Mortal Kombat X: The psychopaths came in three-by-three

We’ll be sure to toe the line of decency with this one, but there are obviously varying definitions of the word ‘hardcore’. Be it horror movies, exercise, gaming or the other thing you’re thinking of, the term means different things to different people. Mortal Kombat is a series which has always checked the box when viewed from the ‘graphic content’ perspective, but it’s also historically been looked down on by certain fighting game devotees. Partly that’s down to the somewhat gimmicky nature of all that viscera, but it’s also been a symptom of the basic gameplay building blocks, which prioritised style over substance.

X marks the spot where things change, as this instalment will see that hardcore community catered for better than ever before. It’s not just in the increased level of frame data that can be analysed from the in-game menus (sexy as that may be), but in the headline change from the last MK. We already know that this time out each kombatant (ugh) has three variations, but this was a move made specifically with high-level players in mind.

“The hardcore guys talk about match-ups they rank all the characters depending on which is better than which,” says creative director and series co-creator Ed Boon. “But some people just love a certain character, and so we asked: ‘What can we do to make ‘x’ a better match-up with others?’ So we came up with the different versions, and that spiderwebbed into doing every character like that.”
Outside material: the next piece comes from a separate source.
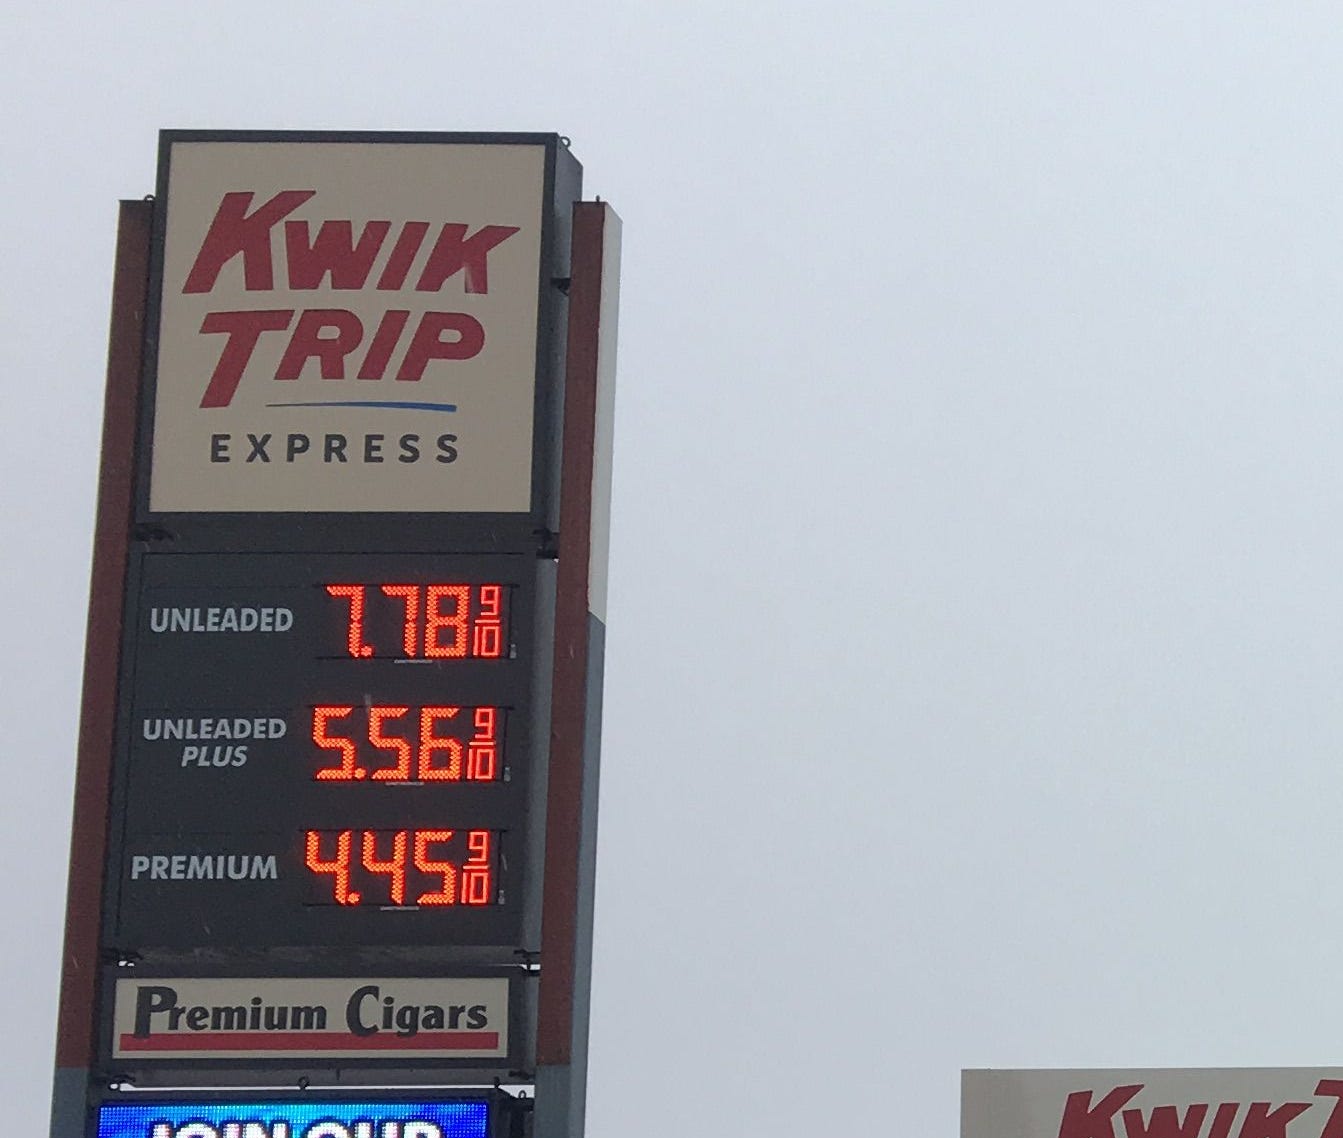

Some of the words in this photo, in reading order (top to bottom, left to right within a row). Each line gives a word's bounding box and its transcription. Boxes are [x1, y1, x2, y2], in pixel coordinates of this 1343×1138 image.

What have the elite guys made of this so far? “[They’ve been] very positive. Very, very excited. There’s always people who go, ‘Ah no, it’s going to be hard to balance’ and it will be! But at the same time, to just do the last game with prettier graphics… that is the way we’ll just fall off into obscurity.”

Tug of gore
While we clearly know our Raiden from our rye bread, Evo Championship glory isn’t likely to be one of OPM’s 2015 achievements. Fortunately the tweaks to the MK formula benefit everyone, as the result is a game that’s smoother, more finely tuned and, actually, more approachable. Different character variations mean that you can better find one that suits your preferred playstyle, and also mean you have more recourse should you come up against an opponent who you’re having trouble with. After several hours of hands-on time we’ve already felt the ebb-and-flow of repeated fights against the same human foe, with both of you getting to grips with how to use each fighter’s distinctions.
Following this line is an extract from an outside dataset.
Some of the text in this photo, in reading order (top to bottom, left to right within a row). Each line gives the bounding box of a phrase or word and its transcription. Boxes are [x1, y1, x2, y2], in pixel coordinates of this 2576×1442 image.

But MKX is also emphasising the benefits of player collaboration, via the all-new Factions mode. An umbrella term for the game’s online structure, when you login you’ll be asked to choose one of five clans to join. Do so and you’ll be allied with everyone else who picked similarly while a metagame plays out for a predetermined length of time. During this all of your in-game actions, across both single-player and multiplayer, will contribute to your crew’s total, with a winner being declared at the
end. You’ll even be able to dive into 5v5 team battles with chosen friends, taking on another Faction directly.

Guts check
Variations aside, the other individual changes from MK9 aren’t exactly eye popping (even if certain Fatalities most certainly, and literally, are). Bringing back the run button, introducing a stamina gauge: it’s hardly the stuff of mic drops. But get stuck in and these alterations quickly add up, fusing with the horsepower of PS4 to result in a beat-’em-up that’s got the brain to match its brawn.

Victory ultimately doesn’t come down to using flashy uppercuts, it’s found in the flowing combos and an understanding of momentum. That said, when you do win you’ll still get a better look at your opponent’s anatomy than you ever truly wanted.